An exact transcription of every entry is required, with the images left out.

(Data excerpts begins)

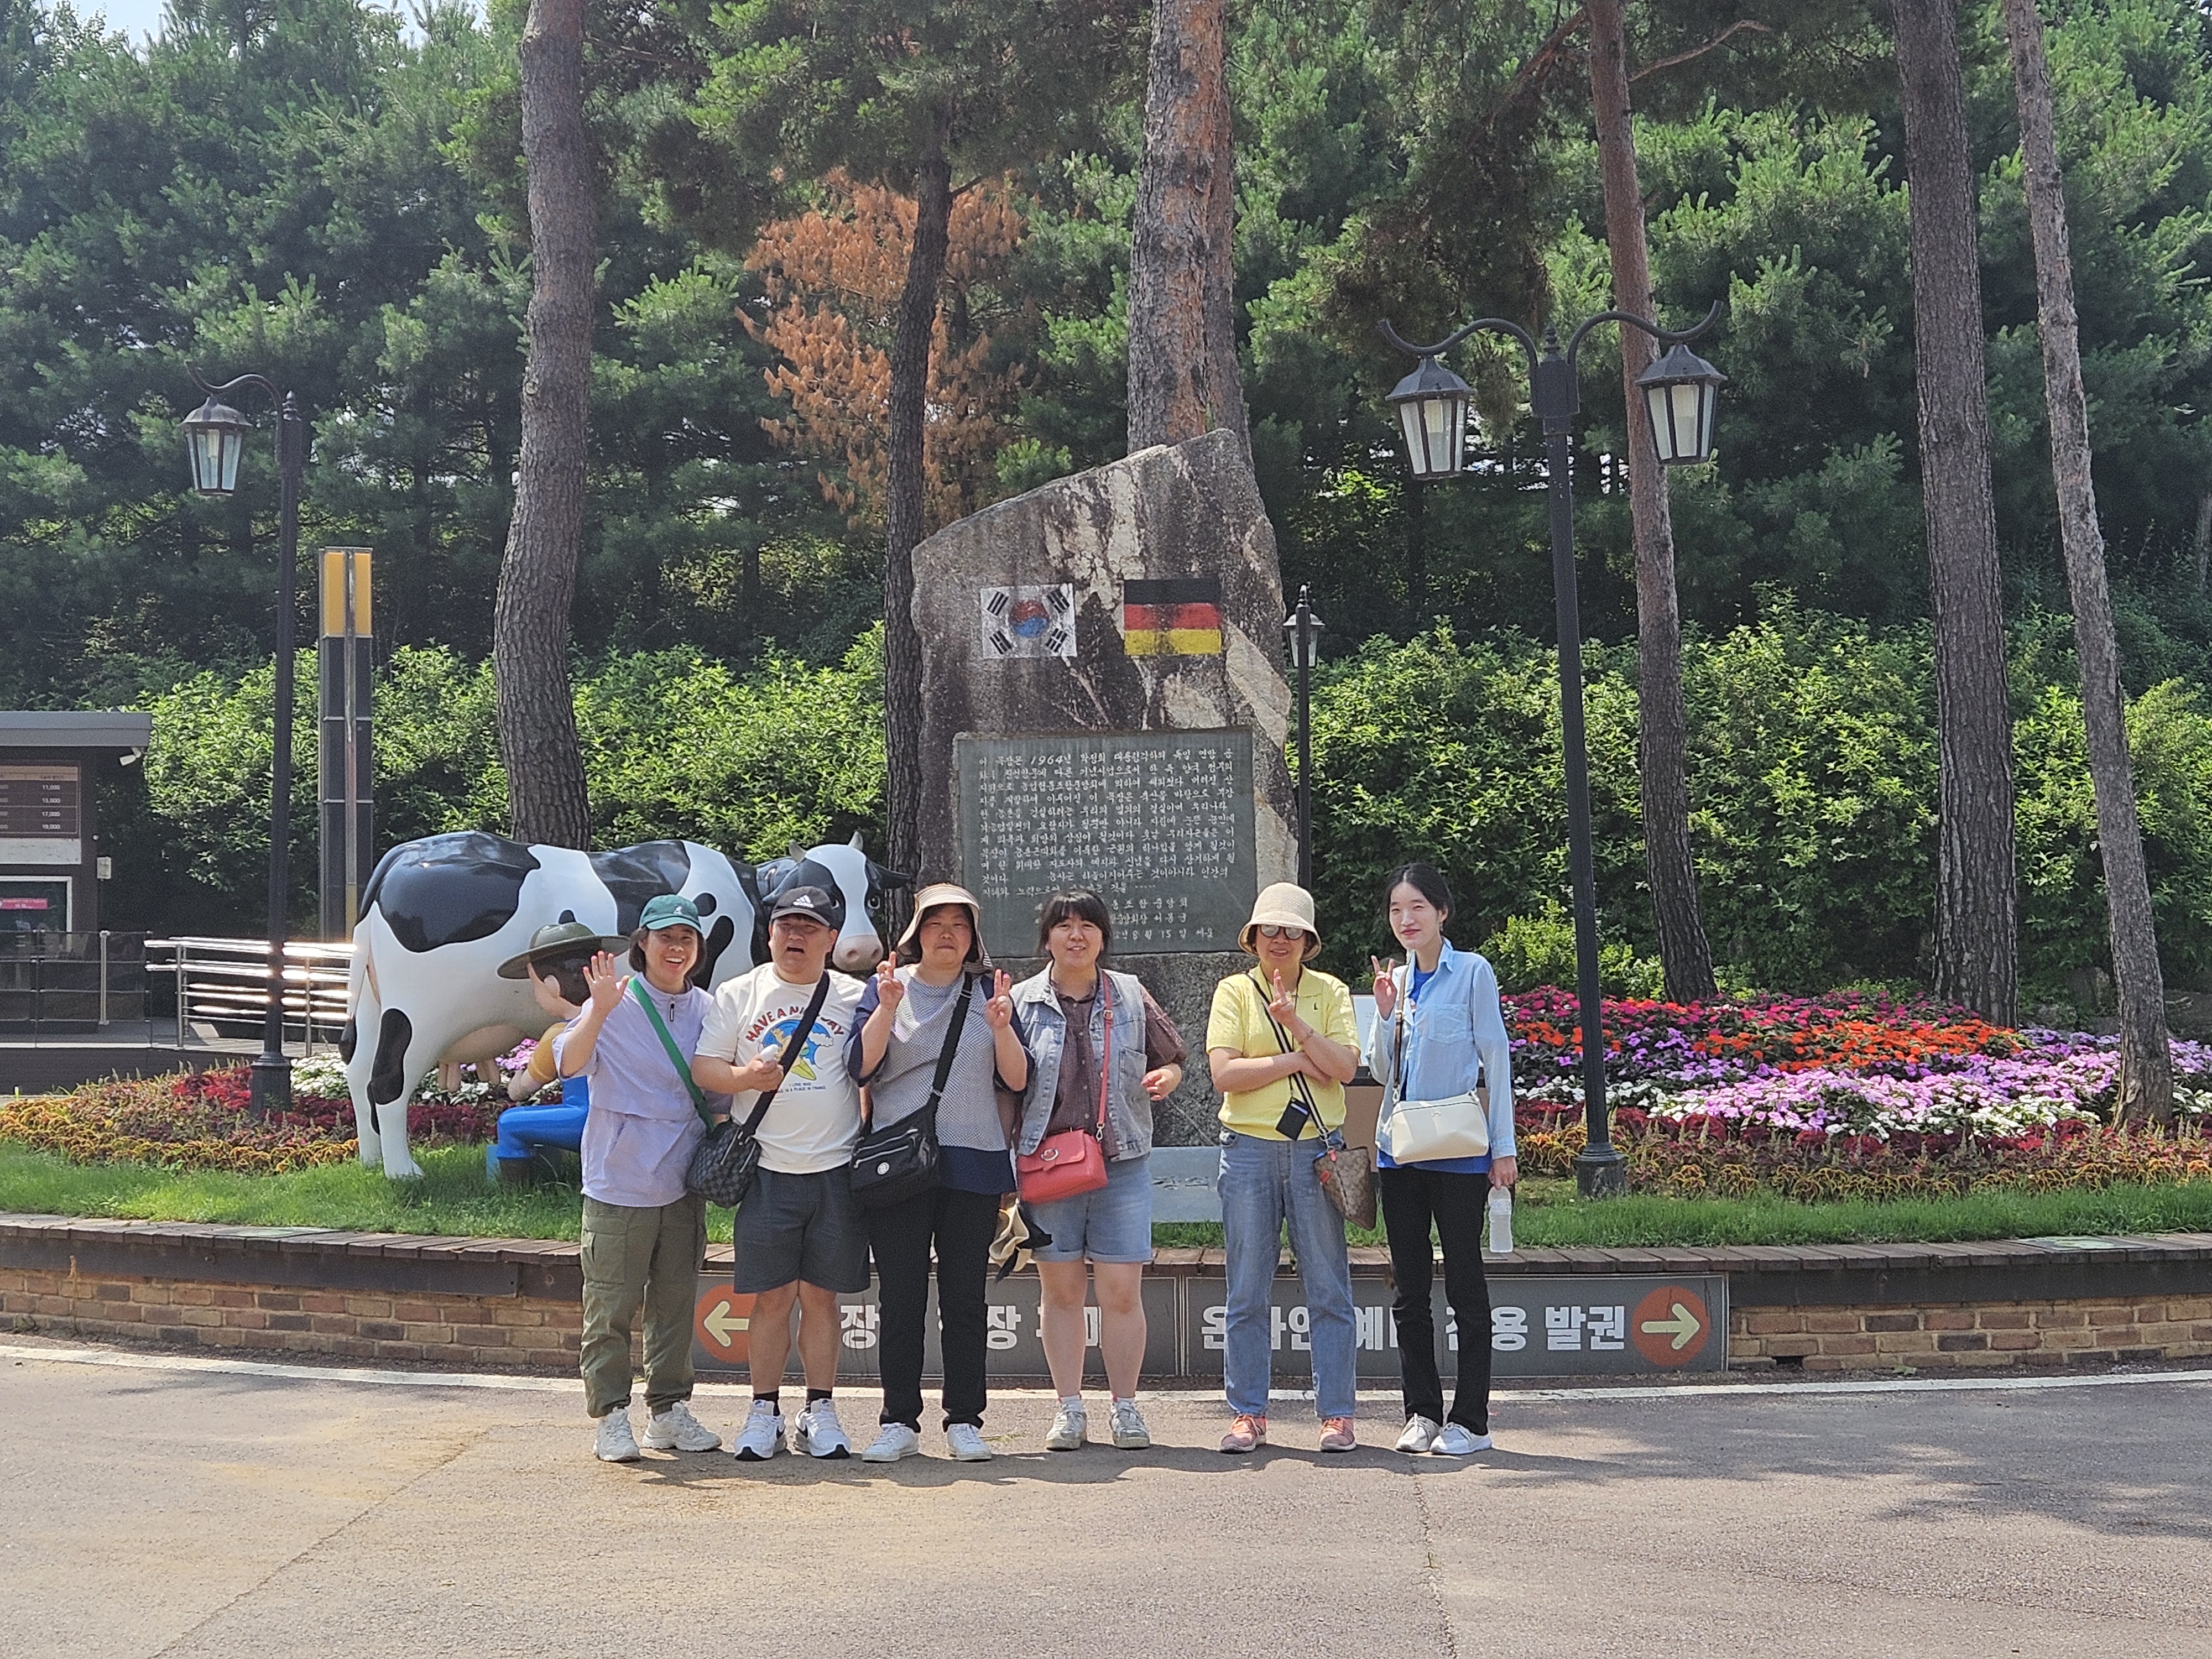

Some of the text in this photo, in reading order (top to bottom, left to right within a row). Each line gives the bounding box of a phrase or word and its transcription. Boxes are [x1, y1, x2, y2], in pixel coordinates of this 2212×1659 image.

[979, 757, 987, 766] 이
[996, 755, 1022, 766] 목장은
[1031, 753, 1071, 765] 1964년
[1080, 752, 1106, 764] 박정희
[1114, 750, 1166, 763] 대통령각하의
[1173, 748, 1191, 760] 독일
[1198, 748, 1216, 760] 연방
[1080, 764, 1140, 777] 기념사업으로서
[1149, 764, 1158, 775] 한
[1182, 762, 1199, 774] 양국
[1208, 760, 1232, 773] 정부의
[978, 782, 1014, 794] 지원으로
[1021, 779, 1107, 792] 농업협동조합중앙회에
[1115, 776, 1140, 789] 의하여
[1224, 774, 1234, 785] 산
[1004, 794, 1038, 805] 개발하여
[1089, 792, 1098, 802] 이
[1106, 791, 1133, 804] 목장은
[1140, 789, 1167, 802] 축산을
[1173, 788, 1210, 800] 바탕으로
[1217, 787, 1234, 799] 부강
[995, 808, 1022, 819] 농촌을
[1030, 806, 1073, 818] 건설하려는
[1080, 804, 1108, 817] 우리의
[1191, 801, 1228, 812] 우리나라
[1115, 816, 1142, 827] 아니라
[1150, 815, 1176, 827] 자립에
[1208, 813, 1235, 825] 농민에
[997, 833, 1025, 845] 의욕과
[1031, 832, 1057, 844] 희망의
[1064, 831, 1091, 844] 상징이
[1225, 826, 1234, 837] 이
[980, 847, 1007, 858] 목장이
[1073, 844, 1100, 855] 이룩한
[1015, 859, 1042, 870] 위대한
[1050, 858, 1083, 868] 지도자의
[1160, 854, 1176, 865] 다시
[982, 873, 1009, 884] 것이다
[1047, 872, 1074, 882] 농사는
[1201, 866, 1228, 878] 인간의
[745, 1011, 775, 1042] HAVE
[778, 1008, 787, 1018] A
[1355, 1306, 1399, 1350] 예
[1545, 1306, 1624, 1350] 발권

(Data excerpts ends)

#### [Solution for this problem]
Some of the text in this photo, in reading order (top to bottom, left to right within a row). Each line gives the bounding box of a phrase or word and its transcription. Boxes are [x1, y1, x2, y2], in pixel coordinates of this 2212×1659 image.

[979, 757, 987, 766] 이
[996, 755, 1022, 766] 목장은
[1031, 753, 1071, 765] 1964년
[1080, 752, 1106, 764] 박정희
[1114, 750, 1166, 763] 대통령각하의
[1173, 748, 1191, 760] 독일
[1198, 748, 1216, 760] 연방
[1080, 764, 1140, 777] 기념사업으로서
[1149, 764, 1158, 775] 한
[1182, 762, 1199, 774] 양국
[1208, 760, 1232, 773] 정부의
[978, 782, 1014, 794] 지원으로
[1021, 779, 1107, 792] 농업협동조합중앙회에
[1115, 776, 1140, 789] 의하여
[1224, 774, 1234, 785] 산
[1004, 794, 1038, 805] 개발하여
[1089, 792, 1098, 802] 이
[1106, 791, 1133, 804] 목장은
[1140, 789, 1167, 802] 축산을
[1173, 788, 1210, 800] 바탕으로
[1217, 787, 1234, 799] 부강
[995, 808, 1022, 819] 농촌을
[1030, 806, 1073, 818] 건설하려는
[1080, 804, 1108, 817] 우리의
[1191, 801, 1228, 812] 우리나라
[1115, 816, 1142, 827] 아니라
[1150, 815, 1176, 827] 자립에
[1208, 813, 1235, 825] 농민에
[997, 833, 1025, 845] 의욕과
[1031, 832, 1057, 844] 희망의
[1064, 831, 1091, 844] 상징이
[1225, 826, 1234, 837] 이
[980, 847, 1007, 858] 목장이
[1073, 844, 1100, 855] 이룩한
[1015, 859, 1042, 870] 위대한
[1050, 858, 1083, 868] 지도자의
[1160, 854, 1176, 865] 다시
[982, 873, 1009, 884] 것이다
[1047, 872, 1074, 882] 농사는
[1201, 866, 1228, 878] 인간의
[745, 1011, 775, 1042] HAVE
[778, 1008, 787, 1018] A
[1355, 1306, 1399, 1350] 예
[1545, 1306, 1624, 1350] 발권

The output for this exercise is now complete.